Alvarado, who began working at Pointsbet when it opened in August, said the sportsbook is looking at adjusting its hours to close earlier than its usual midnight or 1 a.m. On weekends, it had been teeming with bettors. But nothing is certain after America just spent a weekend free of sports.
“Things are just kind of up in the air. We’re holding out through the weekend because after the weekend everyone should have their (unused) tickets back,” said Alvarado, who is not worried about the long-term viability of the sportsbook.
“It’ll take its course.”
Sports talk radio host is happy to pivot to fresh topics
No one knows how long the sports world will be silenced. The NBA and NHL both are holding out hope that their seasons are merely postponed and that champions will eventually be crowned. Staples of the spring, like the Masters golf tournament and the Kentucky Derby, also could become summer or fall events for one year only.
None of this means that those who talk about sports for a living will be silenced. They can’t be. It’s their job.
Ross Peterson, a co-host of KXnO’s “Sports Fanatics” in Des Moines, said he was actually looking forward to talking about sports in a new way. Peterson and his radio partner, Chris Williams, chatted Thursday about using their show to help sports fans navigate this sudden life without games.
Among the options: advice on what documentaries listeners should watch.
“This could be a good side effect of this, is that we kind of get our priorities straight again,” Peterson said. “I’m excited about the idea that we get to go on air and talk about life and all that other stuff that’s happening, rather than box scores and what we think is going to happen the next time the ball is in the air. I’ve tried to tell everybody that I work with how elated I am for the opportunity that’s before us.”
Peterson said it helps that his show, along with others on the station, often veered away from sports already. But he understands that this can go on for only so long.
“We are going to be many months down the road before we’re back to any sort of normalcy,” Peterson said. “In weeks, things are going to seem like the new normal. So I can’t imagine what that feeling is going to be like in six weeks.”
No opening day, no way to know what's coming
The opening day of baseball season has always been the surest sign that spring is here for sports fans. Not this year. Major League Baseball is postponing the start of its season by at least two weeks, and likely more.
That won’t be easy for Logan Pierce of West Des Moines. The 23-year-old who works at a startup company has a tradition with some buddies from his days at the University of Northern Iowa. On every opening day of the baseball season, Pierce and Co. will bring their televisions to a friend’s apartment in Cedar Falls. They turn on as many games as possible, fire up the grill and enjoy America’s pastime. Knowing that won’t happen as planned this year was tough for Pierce to grasp.
“It’s just kind of fun with all of us,” he said. “It’s going to be kind of weird not having that feeling, because whenever we have that, we know that baseball is here.”
Minor-league baseball games are also on hold.

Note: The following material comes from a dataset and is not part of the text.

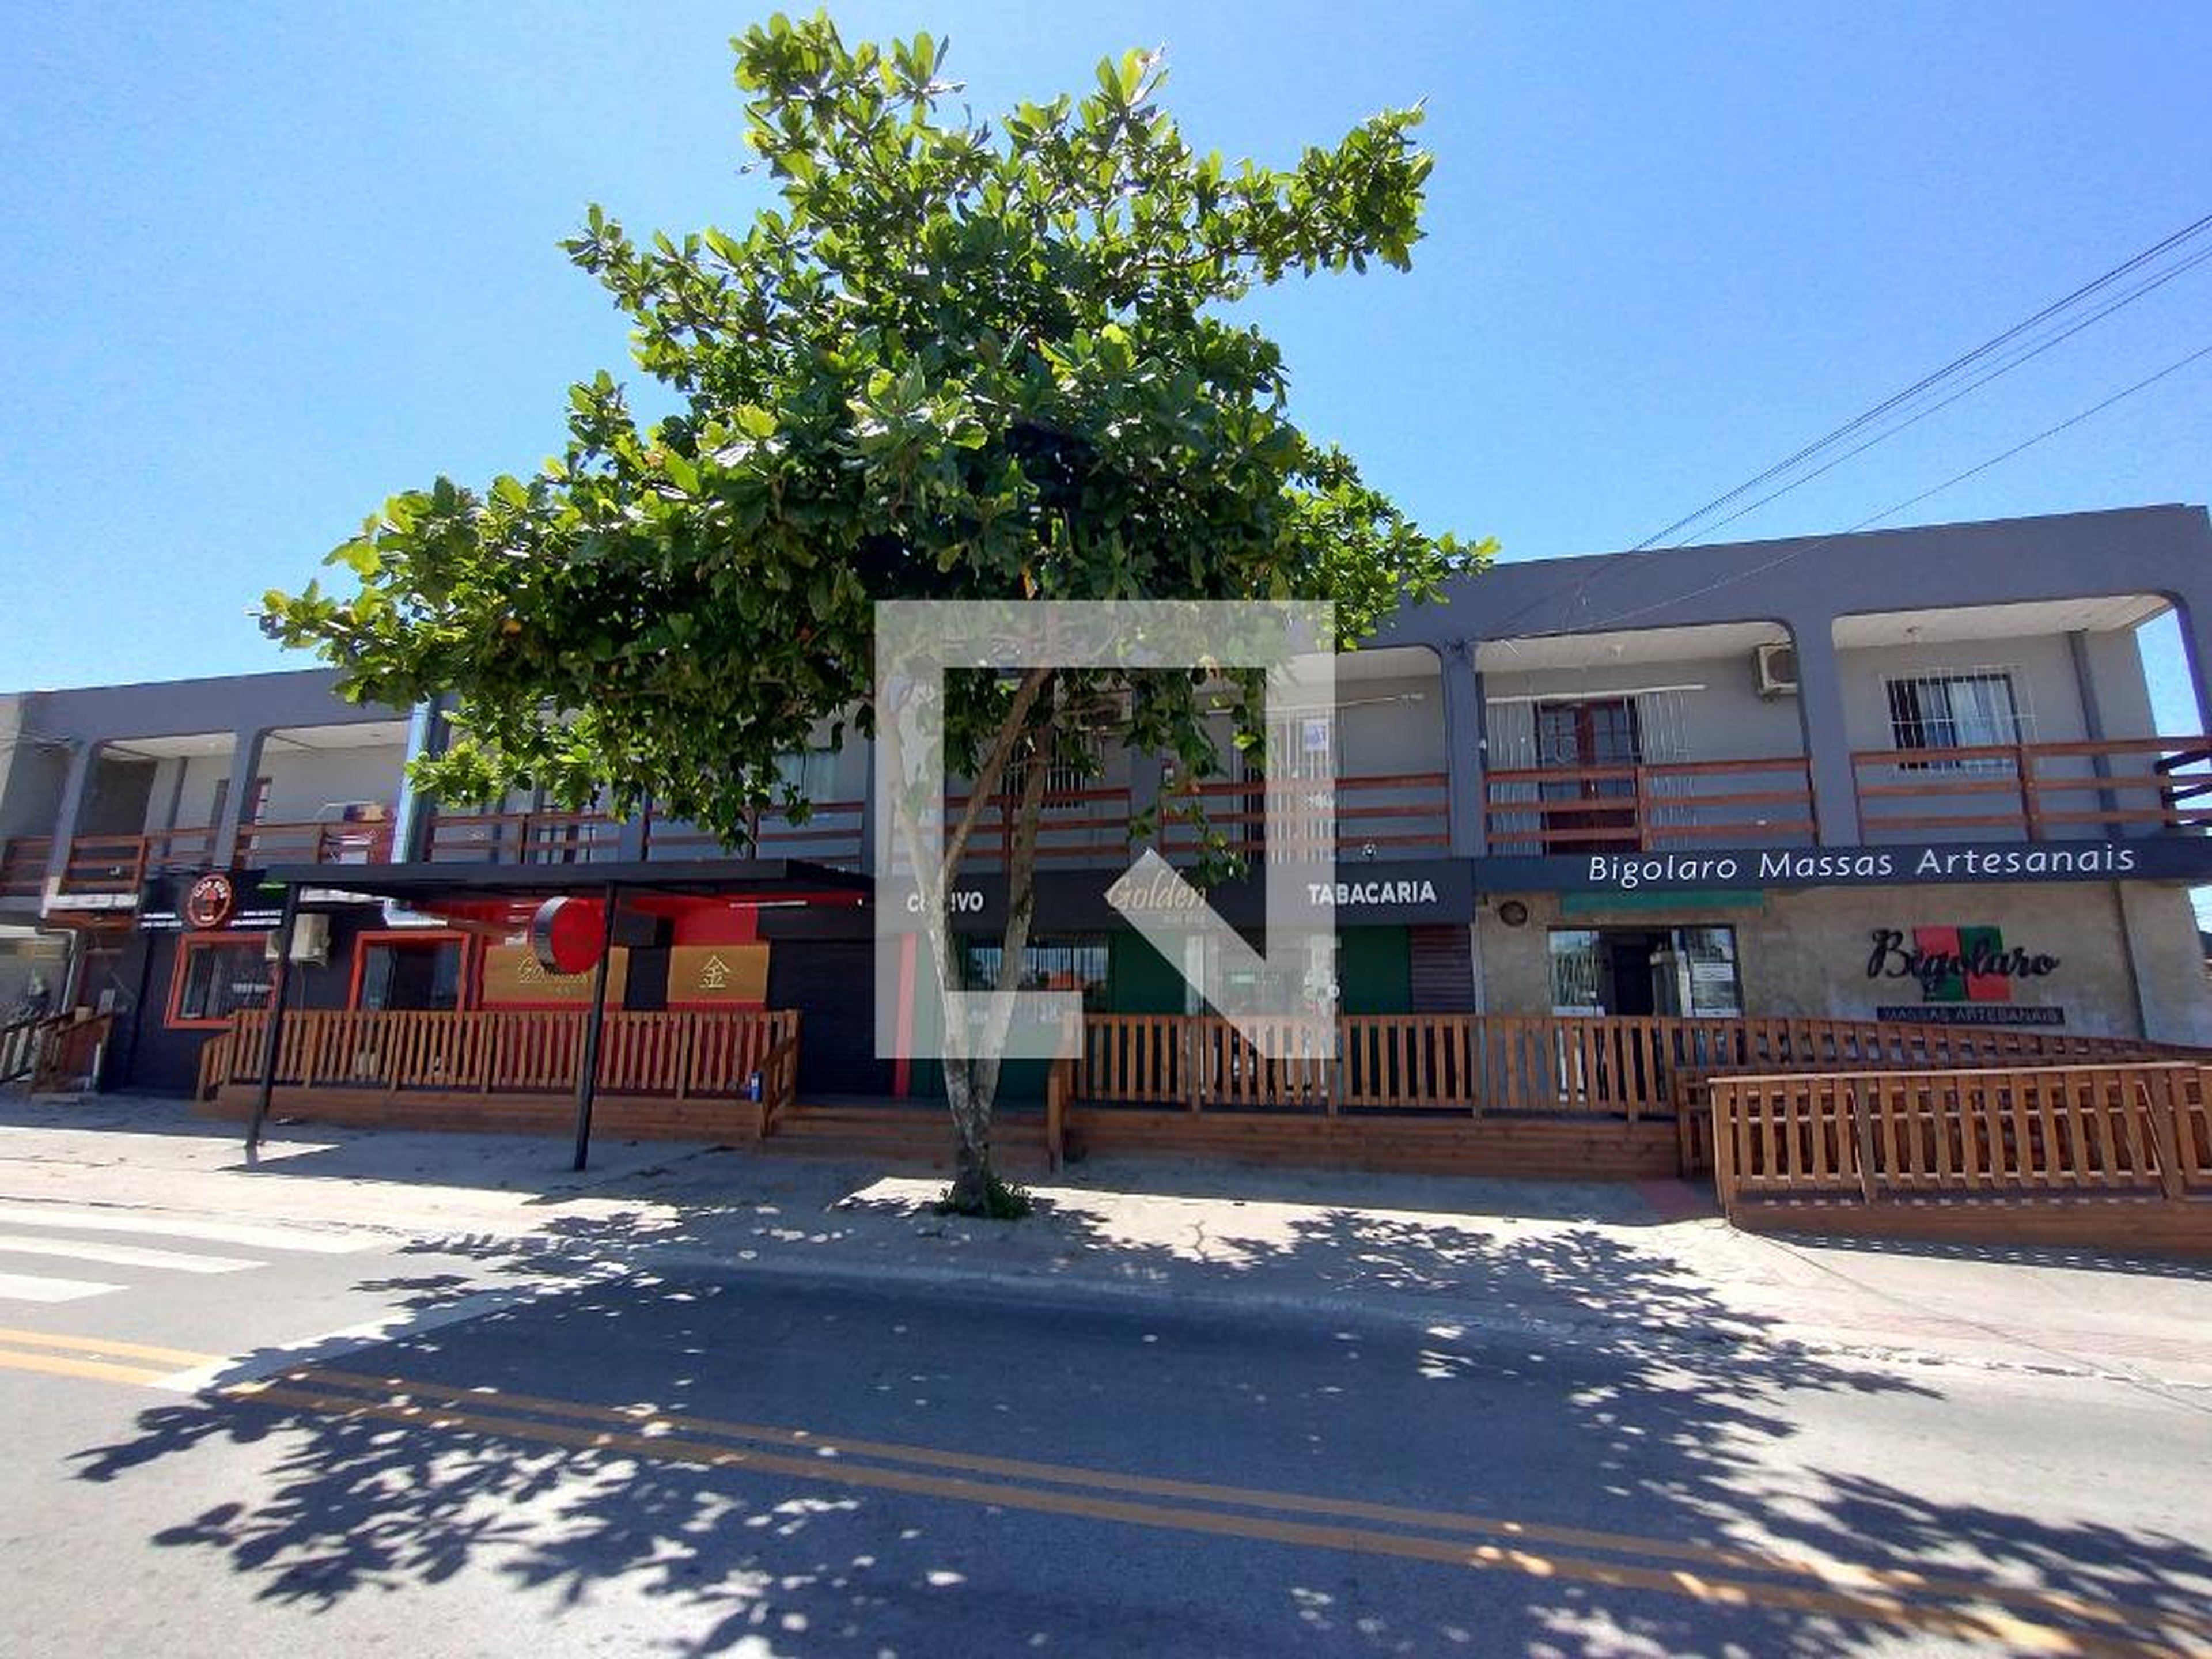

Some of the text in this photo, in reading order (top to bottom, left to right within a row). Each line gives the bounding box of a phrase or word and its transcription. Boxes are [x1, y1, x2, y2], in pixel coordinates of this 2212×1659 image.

And that includes the Iowa Cubs, who drew 489,173 fans last season to Principal Park, which offers a perfect view of the Capitol while watching the highest level of professional baseball available in Iowa.
It’s also a place where fans have easy access to the players, who are typically willing to sign autographs before games.
Pierce has been collecting signatures since 2012 and is a familiar sight around the Des Moines ballpark. He’ll often show up as early as 12:30 p.m. to get autographs from players arriving for a game that evening. Pierce once stayed until 12:30 a.m. waiting out then-Iowa Cubs outfielder Jae-Hoon Ha to secure a memento.
It’s a serious undertaking.
So Pierce was concerned this spring when some major-league teams barred their players from signing or offered only pre-signed items.
“Fan interaction is definitely what makes the I-Cubs,” Pierce said.
It’s hard to imagine that will remain the case whenever the games resume.
The coronavirus has put a pause on sports as we knew them.